A flash drive is a small and extremely portable storage device that has no moving parts, unlike traditional hard drives.
These devices connect to computers and other devices with USB ports, making the flash drive a combination of a cable and USB device.
Many also often refer to custom flash drive storage devices as jump drives, pen drives, or thumb drives, and occasionally USB drive and solid state drive (SSD) are used to describe them, though the latter two terms are typically reserved for larger storage devices.
How to Use Flash Drives
If you want to use a flash drive, simply plug it into a free USB port on a laptop or desktop computer. Most computers will indicate when a device is inserted along with the contents stored on it. However, different operating systems will allow for different types of functionality.
Choose from Different Sizes
A majority of flash drives have data storage capacities of anywhere from 4 GB to 128 GB. Smaller and larger flash drives are also available in some places, but they can be difficult to find.
Writing and Rewriting for Data Storage
Similar to traditional hard drives, flash drives can be written and rewritten an unlimited amount of times depending on what you want stored or erased. These devices are designed to allow you to store most types of files, whether you need to store Word documents, movie files, .mp3s, or even applications.

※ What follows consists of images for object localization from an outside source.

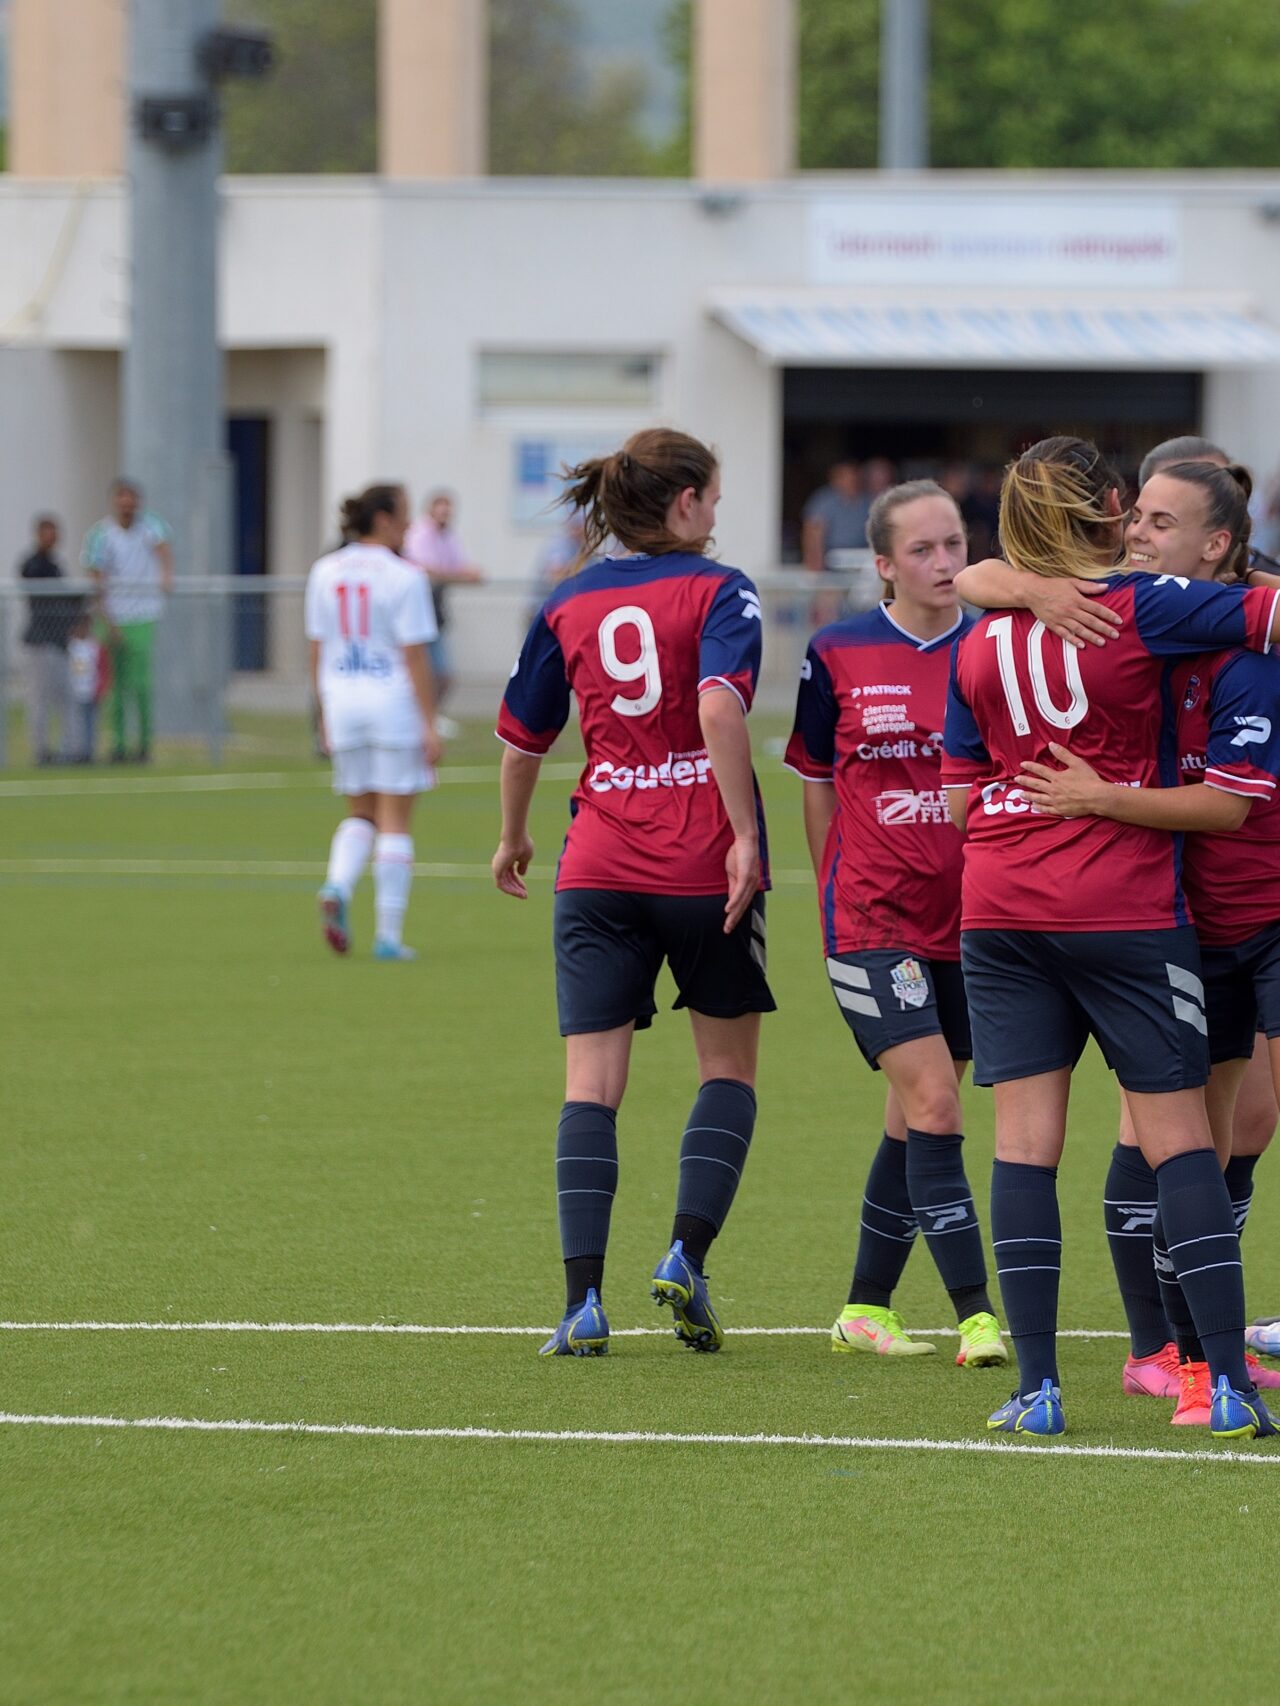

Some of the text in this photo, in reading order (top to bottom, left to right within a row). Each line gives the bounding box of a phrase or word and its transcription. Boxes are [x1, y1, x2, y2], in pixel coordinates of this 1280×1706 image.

[335, 583, 371, 640] 11
[598, 605, 662, 717] 9
[986, 615, 1089, 737] 10
[863, 685, 912, 697] PATRICK
[588, 751, 712, 792] Couder
[856, 740, 917, 760] Crédit
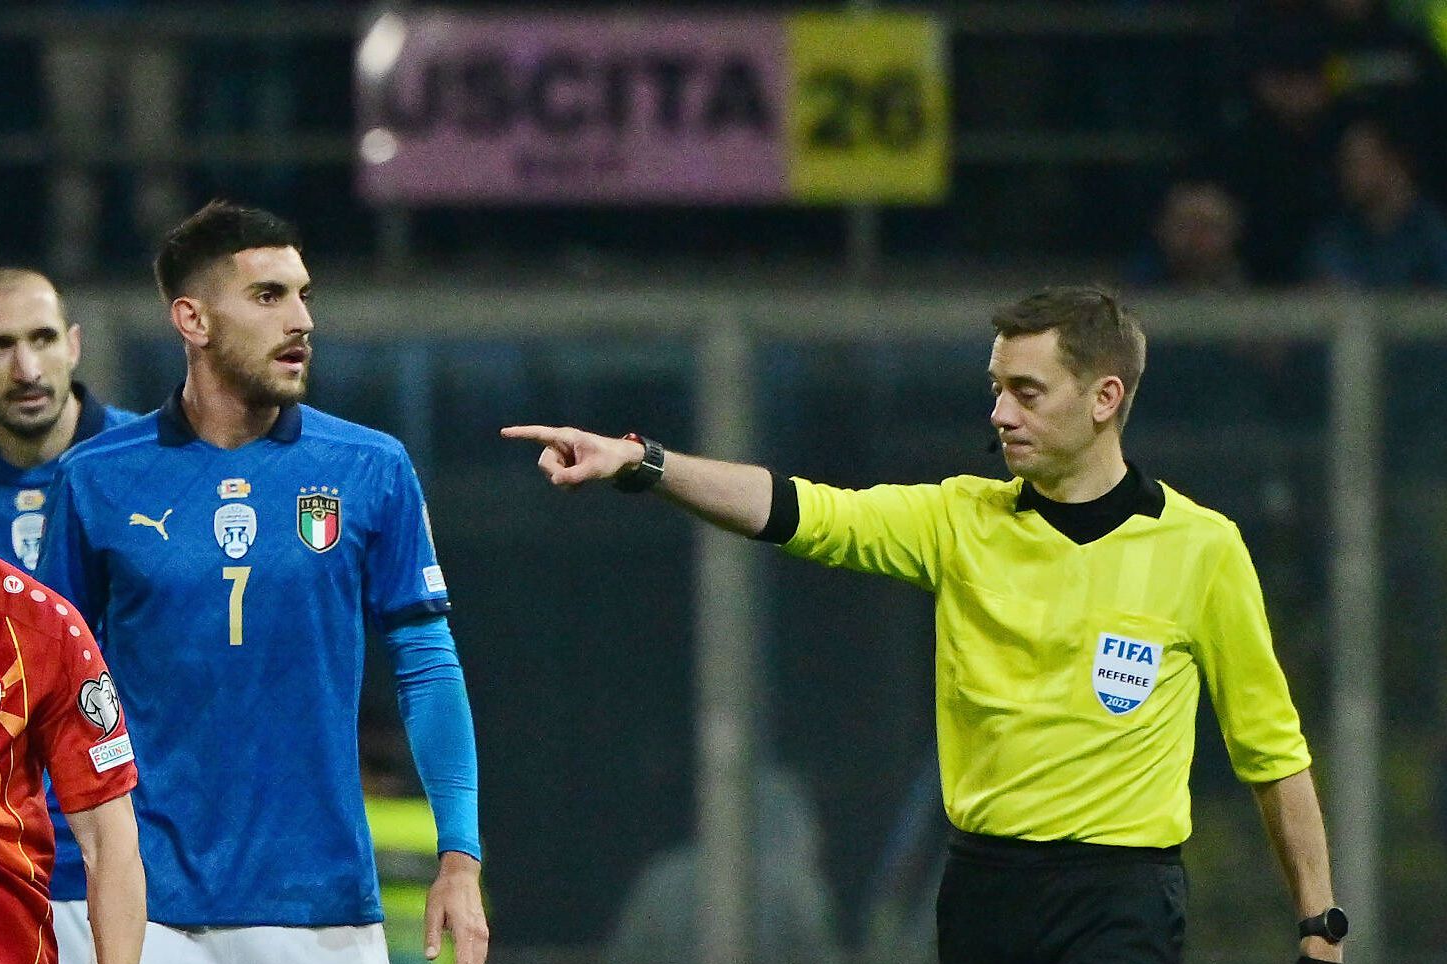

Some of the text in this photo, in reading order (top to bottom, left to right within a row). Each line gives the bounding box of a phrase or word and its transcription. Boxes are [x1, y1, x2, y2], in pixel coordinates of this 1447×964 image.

[382, 48, 925, 151] USCITA 26
[301, 499, 338, 510] ITALIA
[222, 566, 251, 646] 7
[1103, 637, 1153, 665] FIFA
[1098, 668, 1150, 688] REFEREE
[1106, 696, 1131, 709] 2022

Smaller flash drives are ideal for temporary storage of files, along with transportation between devices, while larger flash drives are ideal for larger files and applications that you need to run on a computer or other device.
Keep in mind that you can run flash drives on many types of devices beyond computers. Today, smart TVs and video game consoles are typically compatible with USB drives, playing certain media from them such as films and music.
Keeping Flash Drives Secure
One of the biggest issues revolving around flash drive data storage today is security. People need to be able to make sure that all stored files are consistently safe from theft and exploitation by unauthorized third parties.
Thankfully, many contemporary flash drive devices feature encryption and other security measures such as password protection to keep your data safe in the event of a lost or stolen flash drive. You won’t need to worry about the integrity of your files and sensitive data with many of today’s high-end security implementations.
Still Among the Most Reliable Data Storage Devices
While flash drives have long since replaced floppy discs and CDs as the most popular storage device, we’re unlikely to see anything else come along to surpass them. Today, you’re still better off using a flash drive to store data over any other type of portable device, whether for use as permanent or temporary storage. Depending on the size, you can fit most types of data on these devices without worrying about damage from falling, or certain security issues that might otherwise compromise your data.